Optical fiber cables having optical-fiber modules are known from French Patent No. 2,665,266 (and its counterpart U.S. Pat. No. 5,155,789) and French Patent No. 2,706,218 (and its counterpart U.S. Pat. No. 5,671,312). Each of these patents is each hereby incorporated by reference in its entirety.
A conventional telecommunication cable can include a plurality of optical fibers that are grouped in modules to form a cable core (i.e., within the central cavity formed by the cable jacket). A module can contain between about 2 and 24 optical fibers that are enveloped in a thin, flexible retaining enclosure (i.e., the module's jacket). Such retaining enclosures and the enclosed optical fibers can be colored to facilitate identification of the optical fibers (e.g., during a connection operation).

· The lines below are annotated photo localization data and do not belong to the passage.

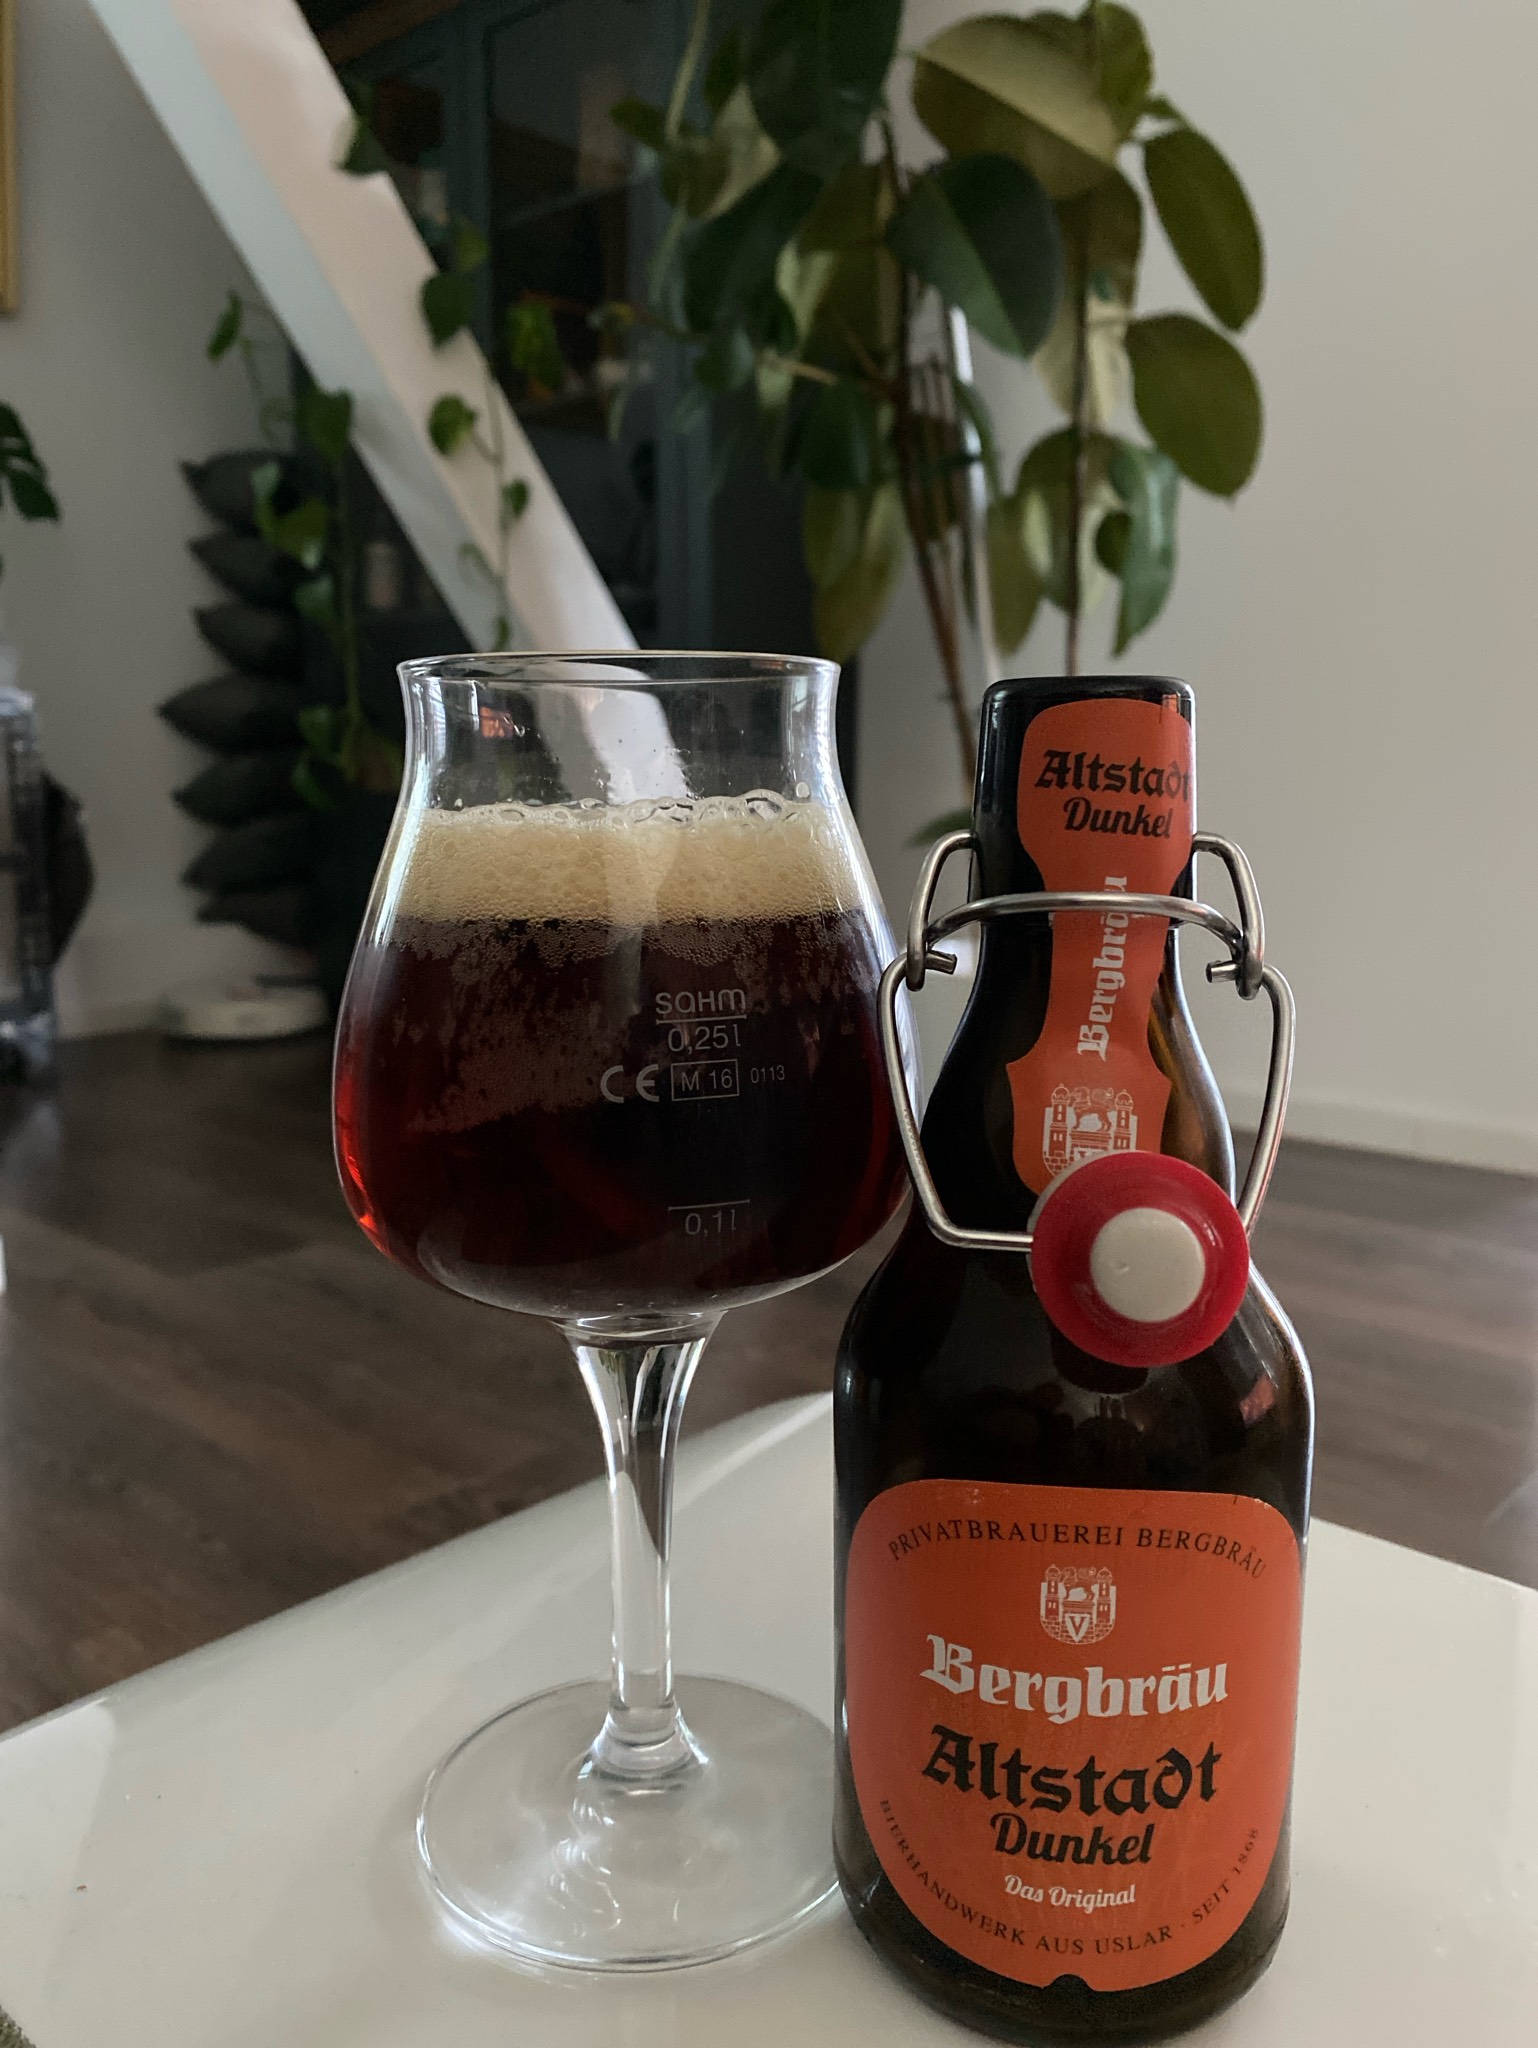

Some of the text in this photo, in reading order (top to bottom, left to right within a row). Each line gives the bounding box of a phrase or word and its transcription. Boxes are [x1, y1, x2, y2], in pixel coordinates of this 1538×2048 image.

[1034, 749, 1189, 802] Altstadt
[1063, 796, 1173, 839] Dunkel
[600, 1063, 786, 1104] CE M 16 0113
[886, 1519, 1267, 1580] PRIVATBRAUEREI BERGBRÄU
[919, 1633, 1229, 1725] Bergbräu
[921, 1724, 1223, 1816] Altstadt
[990, 1812, 1155, 1866] Dunkel
[880, 1799, 1025, 1946] BIERHANDWERK
[1035, 1934, 1085, 1956] AUS
[1094, 1925, 1173, 1955] USLAR
[1190, 1878, 1231, 1924] SEIT
[1004, 1874, 1136, 1915] Das Original

With the development of optical fiber telecommunication systems to the subscriber (e.g., FTTH—“Fiber-To-The-Home” or FTTC—“Fiber-To-The-Curb”), high-capacity cables containing a large number of optical fibers grouped in modules are sought. Such cables must allow access to each module for distribution not only into a particular building but also into a particular floor within that building. To this end, operators carry out a dropping operation on the telecommunication cable in which an opening is made in the cable and one or more modules are withdrawn in order to supply a signal to a given optical system.

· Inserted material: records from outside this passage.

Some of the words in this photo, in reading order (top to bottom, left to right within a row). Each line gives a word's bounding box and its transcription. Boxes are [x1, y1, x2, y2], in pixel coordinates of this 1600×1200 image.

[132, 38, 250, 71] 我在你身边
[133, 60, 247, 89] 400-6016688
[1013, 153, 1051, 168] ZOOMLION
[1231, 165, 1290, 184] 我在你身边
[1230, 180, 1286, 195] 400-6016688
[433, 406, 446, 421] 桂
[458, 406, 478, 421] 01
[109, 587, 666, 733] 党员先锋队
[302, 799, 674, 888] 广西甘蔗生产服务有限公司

International Publication No. WO 01/98810 A1 (and its counterpart U.S. Pat. No. 6,718,101), each of which are hereby incorporated by reference in its entirety, describe an ovalized optical cable with continuous accessibility. The disclosed cable, which is suitable for subscriber local loops and inside cabling, includes a protective jacket receiving optical-fiber modules. The disclosed cable can accommodate approximately 12 to 96 optical fibers, which are arranged in the cable so as to occupy much of the cavity along the cavity's major axis but to leave significant clearance in the cavity's minor axis. This clearance allows variations in the overlength of the fibers within the cable. Reinforcing elements are positioned within the protective jacket on either side of the cavity along the cavity's major axis. The cable can be wound onto a cable drum or bent during installation in a conduit along the cavity's major axis, thus taking advantage of the significant clearance in the cavity's minor axis. The optical-fiber modules are loosely positioned within the cavity, allowing stresses to be eliminated during extension of the cable jacket under a certain tension or under the effect of thermal expansion or contraction. The cable jacket includes markings (e.g., colored threads, fracture initiators, or regions of lower thickness) to indicate the regions where windows could be cut for dropping operations. A first access window can thus be opened to cut a given module and a second access window can be opened to extract the selected module.

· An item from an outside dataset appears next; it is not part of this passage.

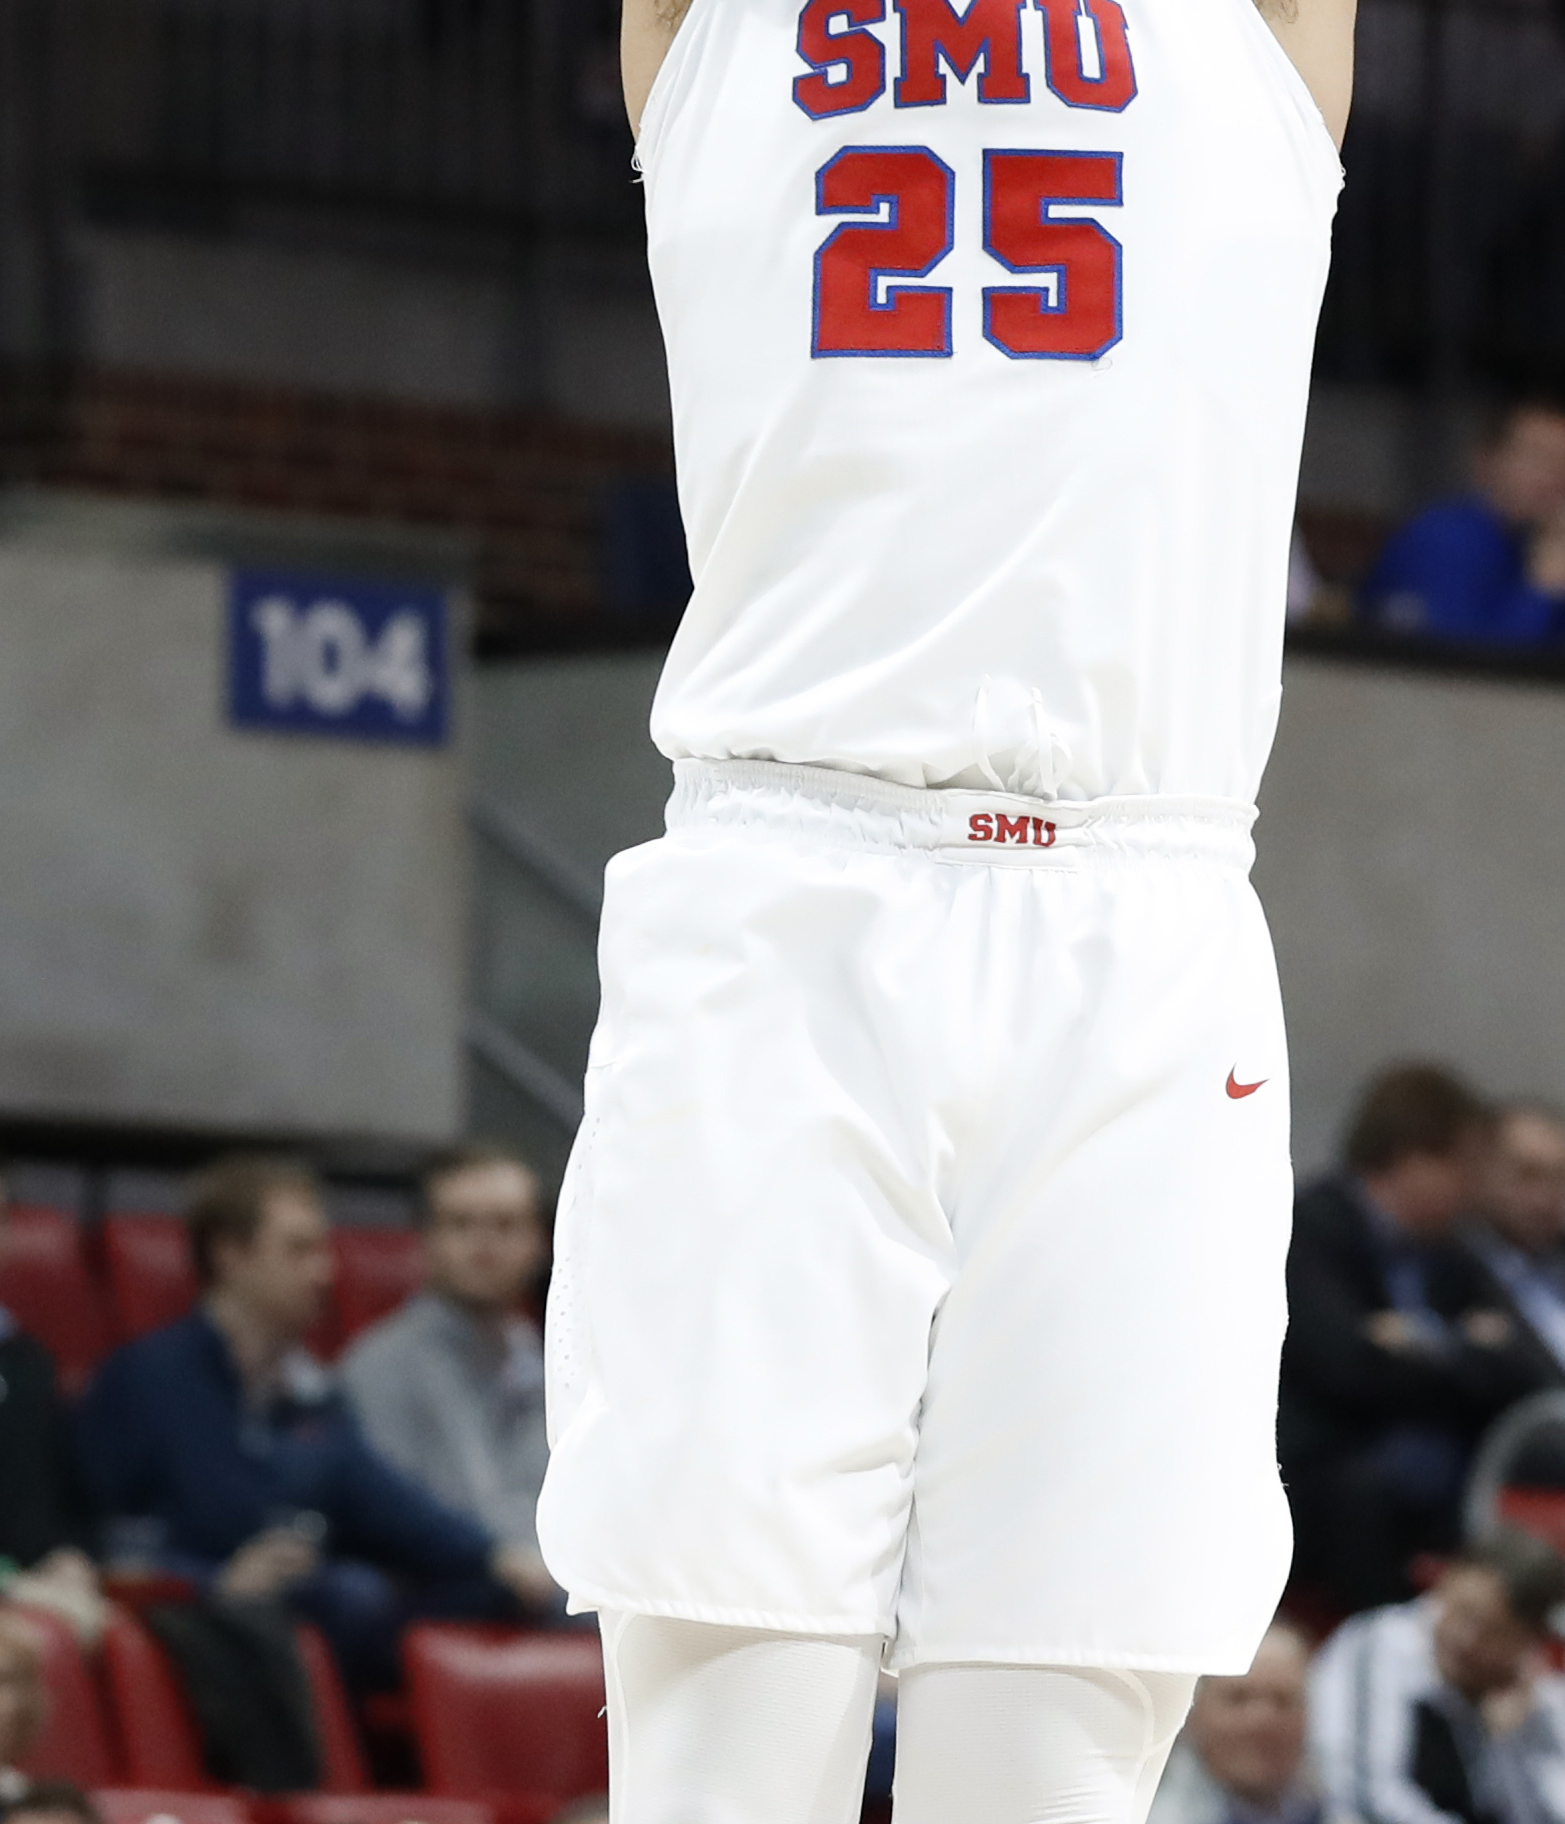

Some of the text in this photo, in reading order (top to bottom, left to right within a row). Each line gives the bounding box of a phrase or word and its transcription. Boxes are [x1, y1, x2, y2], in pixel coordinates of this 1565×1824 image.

[810, 144, 1124, 361] 25
[248, 593, 431, 723] 104
[967, 812, 1057, 848] SMU

U.S. Pat. No. 7,272,282, which is hereby incorporated by reference in its entirety, describes a flat cable in which optical fibers are freely positioned in buffer tubes, which are loosely arranged in a ribbon-like array in the cable. Although the buffer tubes can be extracted from the cable, extracting fibers from the buffer tubes would subject the optical fibers to unwanted stresses. Moreover, the extraction of optical fibers from the cable would require a cutting tool.
European Patent Application No. 0,569,679 A1, which is hereby incorporated by reference in its entirety, discloses a flat cable having optical fibers freely positioned in metal tubes. Although this publication does not describe the manner in which the fibers would be extracted during a dropping operation, access to the optical fibers through the metal tubes would be difficult.
When the foregoing conventional cables are vertically positioned, however, the constituent modules sag within the cable. This can cause buckling of the micromodules below and corresponding tension upon the micromodules above. These effects can cause unwanted attenuation. In addition, the optical fibers can be subjected to mechanical strains at the dropping points, thereby further increasing attenuation.
Therefore, a need exists for a cable having optical-fiber micromodules that can be installed vertically without the micromodules sagging within the cable and which facilitates easy dropping of the optical fibers.